Generally browsing via VPN is not equal to more privacy. It just tells the websites you're where the server is instead of where you are, while the server might log your full browsing habits even though they promise not to. While legitimate interests, like, ripping you off because you live in a rich country or making sure you're not in a criminal country, makes browsing with VPN a bad experience.

Instead, you could fake your location at least in Firefox' about:config.

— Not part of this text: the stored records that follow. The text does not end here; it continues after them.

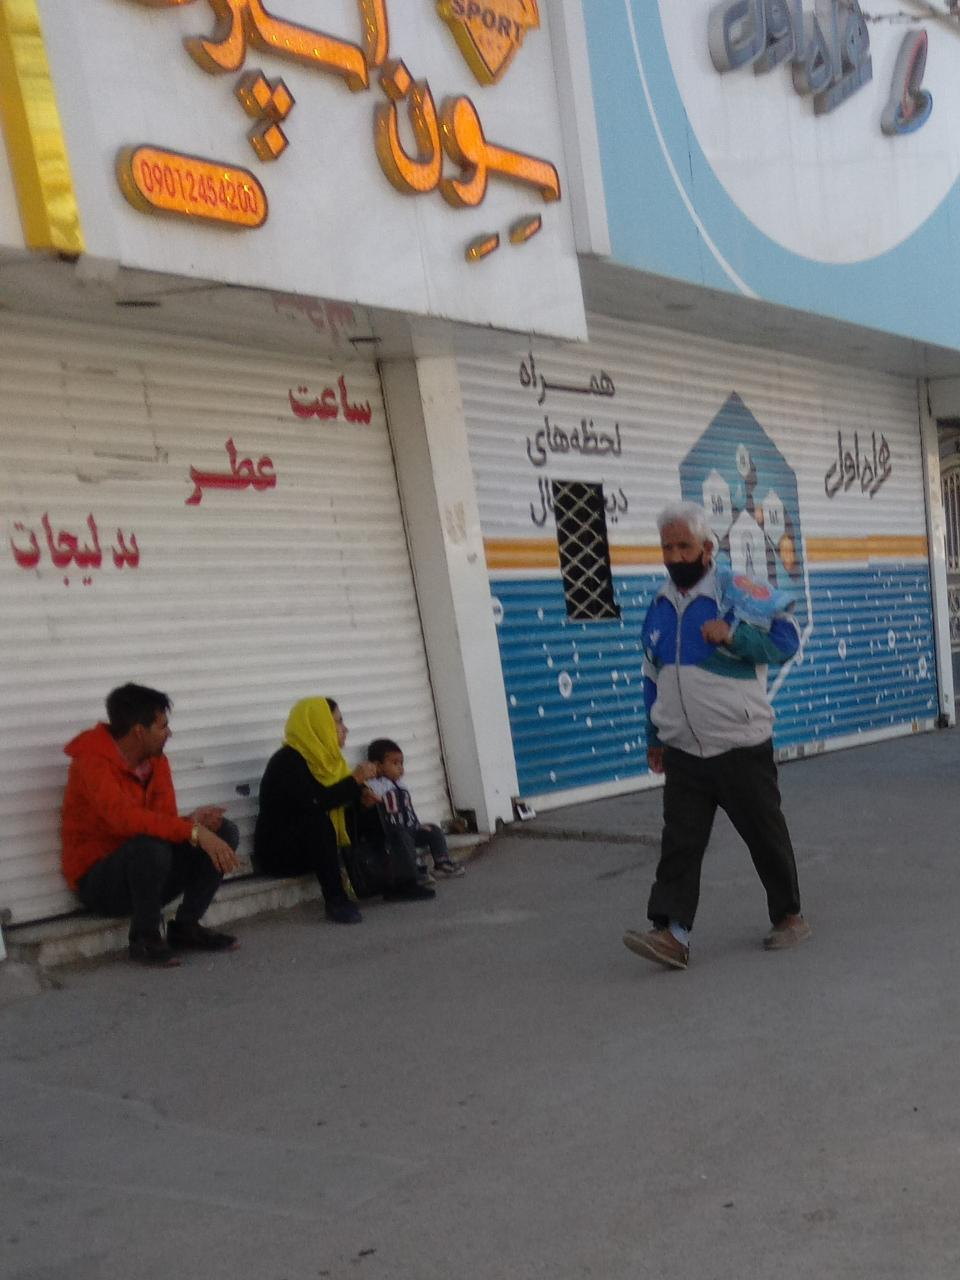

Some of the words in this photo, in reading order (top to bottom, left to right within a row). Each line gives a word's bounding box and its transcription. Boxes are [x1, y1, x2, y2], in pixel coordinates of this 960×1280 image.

[288, 374, 372, 426] ساعت
[518, 351, 616, 405] همراه
[185, 437, 277, 506] عطر
[529, 476, 629, 527] دیال
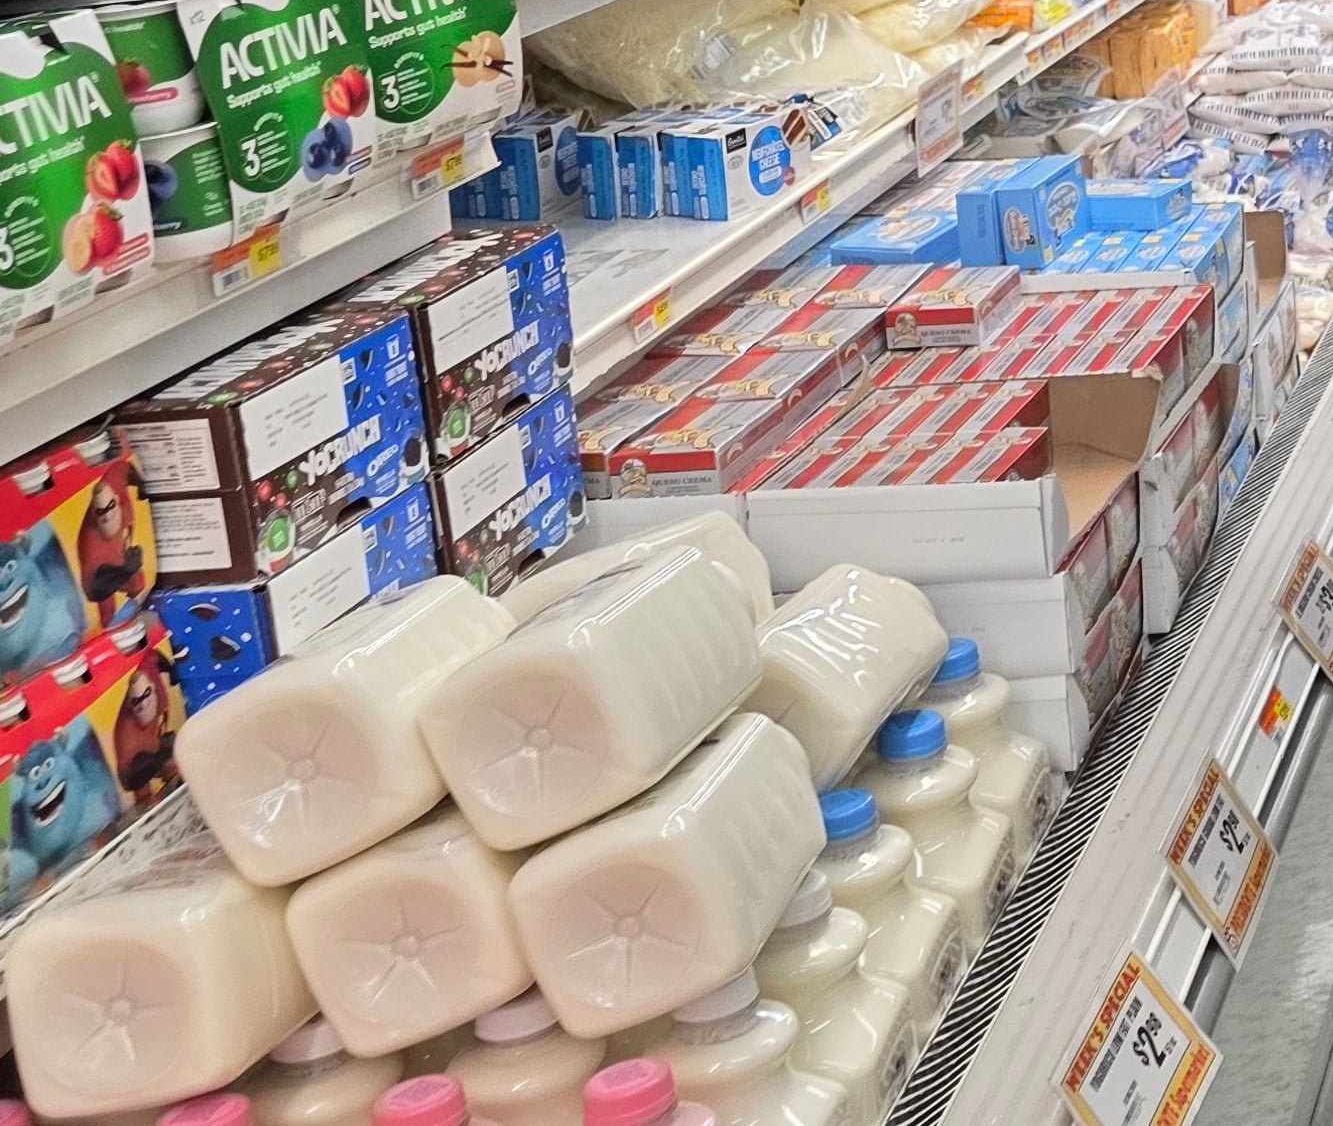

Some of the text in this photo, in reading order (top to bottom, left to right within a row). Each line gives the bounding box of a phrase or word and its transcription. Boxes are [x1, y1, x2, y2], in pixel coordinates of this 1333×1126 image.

[368, 25, 415, 50] Supports
[227, 82, 273, 110] Supports
[298, 413, 383, 486] YoCRUNCH
[1099, 962, 1140, 1030] SPECIAL
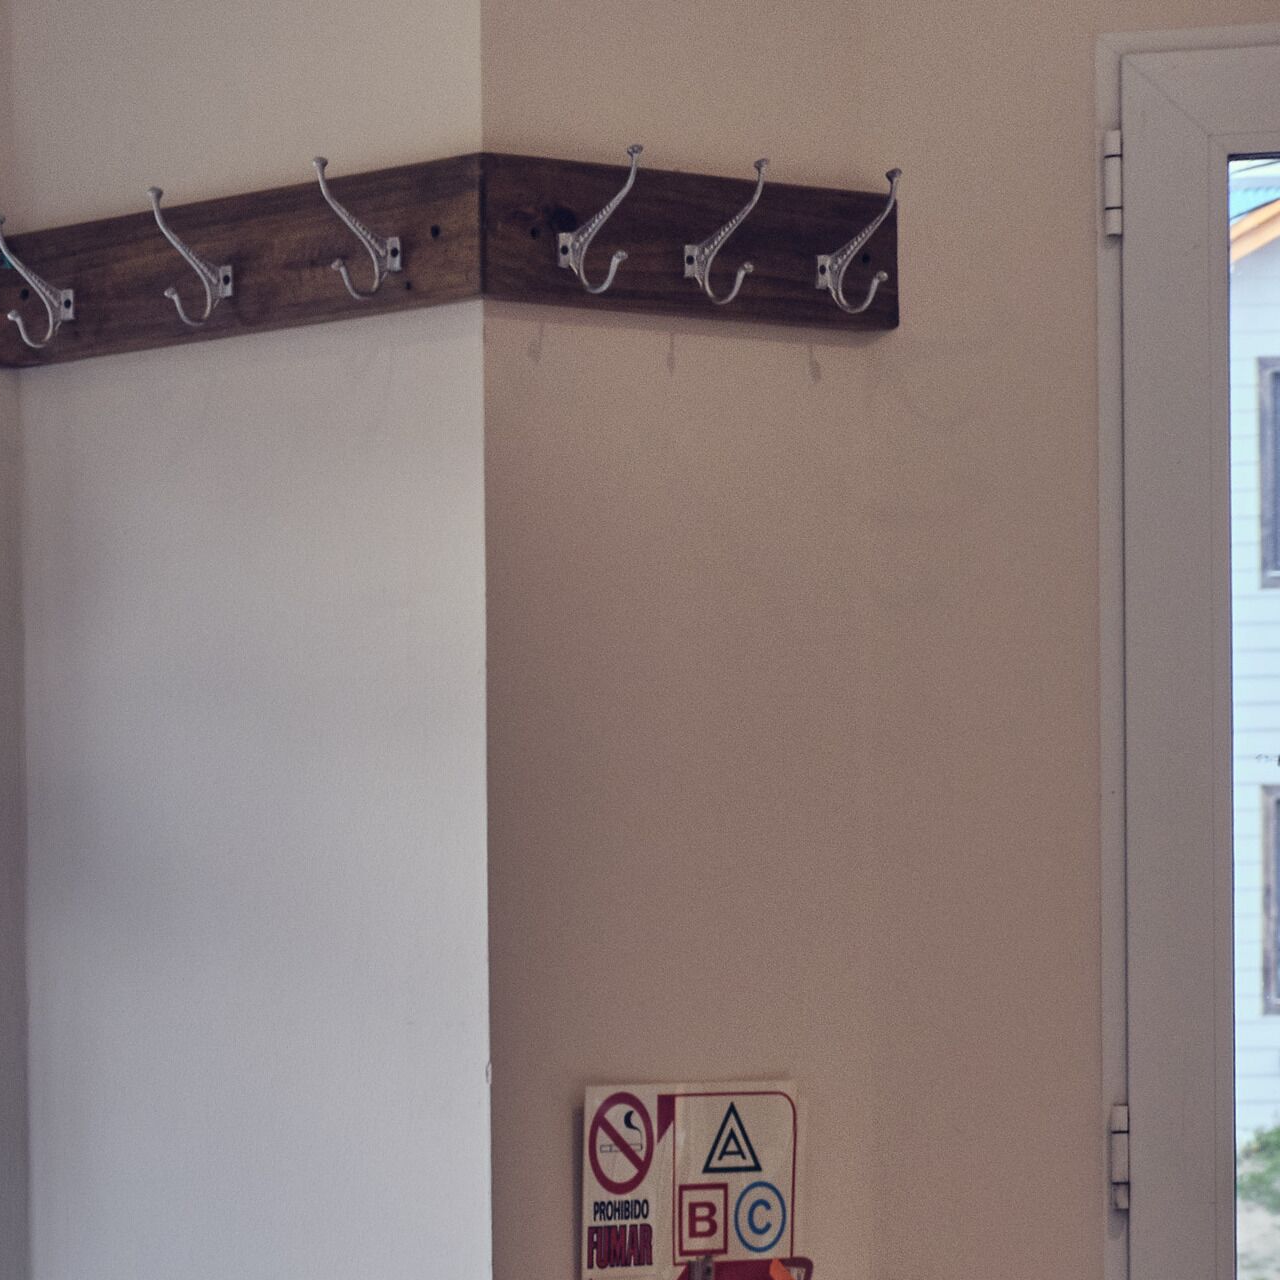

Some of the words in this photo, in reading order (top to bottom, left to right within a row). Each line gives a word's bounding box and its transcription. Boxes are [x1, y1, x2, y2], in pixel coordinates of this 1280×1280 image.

[593, 1198, 650, 1222] PROHIBIDO
[688, 1201, 719, 1238] B
[747, 1198, 772, 1235] C
[587, 1223, 653, 1270] FUMAR

// fake geo location (HB Zürich here)
user_pref("geo.prompt.testing", true);
user_pref("geo.prompt.testing.allow", true);
user_pref("geo.provider.testing", true);
user_pref("geo.provider.network.url", "data:application/json,{"location": {"lat": 47.377, "lng": 8.540}, "accuracy": 2700.0}"");
[–] [email protected] 1 points 2 hours ago

These are small potatoes to the real problems.

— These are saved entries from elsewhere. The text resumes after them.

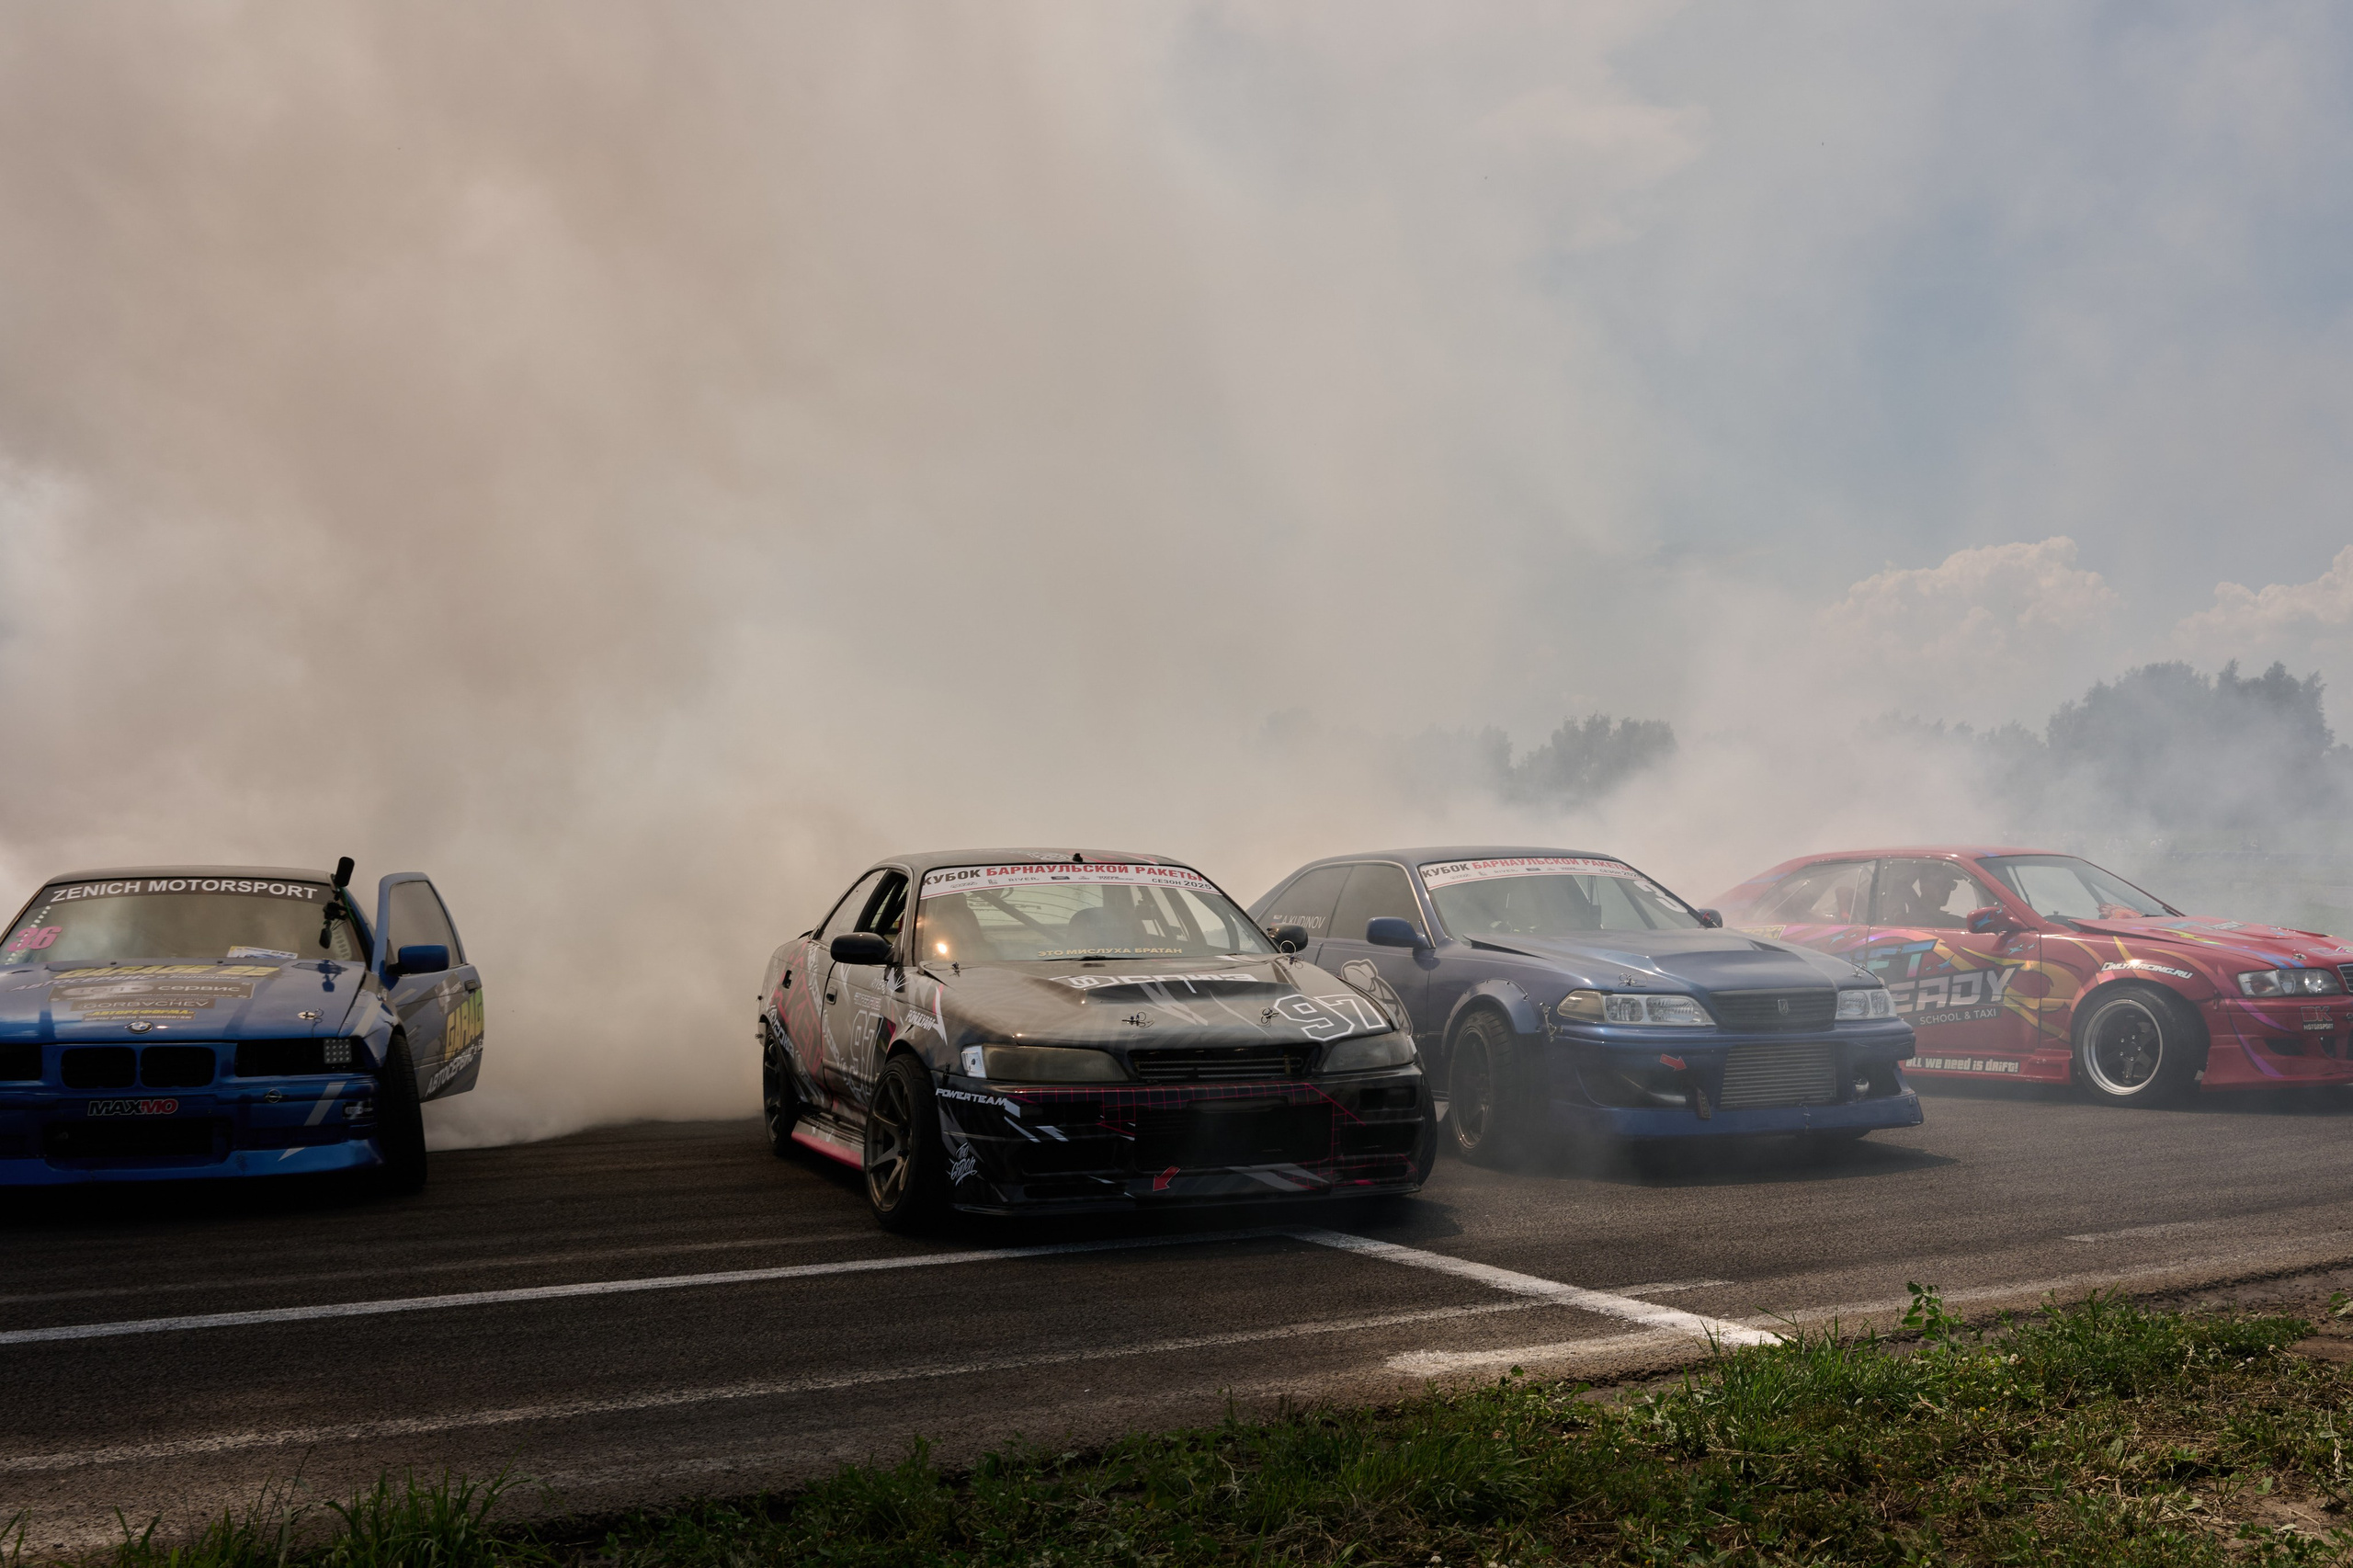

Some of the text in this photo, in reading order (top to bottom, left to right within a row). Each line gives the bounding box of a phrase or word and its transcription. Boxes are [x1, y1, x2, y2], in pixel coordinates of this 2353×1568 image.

[923, 869, 981, 886] КУБОК
[986, 864, 1129, 876] БАРНАУЛЬСКОЙ
[1135, 868, 1203, 881] РАКЕТЫ
[1422, 858, 1634, 878] КУБОК БАРНАУЛЬСКОЙ РАКЕТЫ
[50, 880, 318, 903] ZENICH MOTORSPORT
[1152, 878, 1182, 886] СЕЗОН
[6, 926, 63, 952] 36
[54, 965, 280, 980] GARAGE 22
[1889, 968, 2016, 1014] EADY
[1274, 994, 1387, 1042] 97
[1919, 1008, 1996, 1025] SCHOOL & TAXI
[2301, 1006, 2333, 1022] DK
[445, 988, 485, 1061] GARAG
[87, 1098, 179, 1116] MAXMO
[935, 1087, 1007, 1107] POWERTEAM

I worked at Dollar Tree a year ago and got a letter saying my SSN and birthday was breached by Lockton. This is the second time this has happened and it’s ridiculous they’re still holding on to my data even though I never consented.

If simply functioning in society is going to require me to buy lifetime identity threat protection then I don’t know how privacy isn’t a luxury. Simple: don’t live.

[–] [email protected] 4 points 8 hours ago (2 children)

I don't do shit online. Don't shop. Set appointments. Don't Google. Don't do email. I am nearly a hermit though

[–] [email protected] 6 points 6 hours ago

Check out this guy online telling us online that he doesn't do anything online.

[–] [email protected] 4 points 8 hours ago

Must be nice to not do anything at all. Independently wealthy I guess. Since you are basically not functioning in this world. Never applied for a job I guess.

[–] [email protected] 5 points 9 hours ago

Everything starts as a luxury until the working class bands together and demands it. 40 hour workweeks, overtime, sick days. These are workplace examples, but the concept holds true everywhere. In a capitalist society things like privacy aren't considered until someone starts exploiting them for profit, at which point people start to get serious about protecting it. And this rule applies 5x in any tech realm, as governments are notoriously slow to build legal protections in new and fast moving sectors.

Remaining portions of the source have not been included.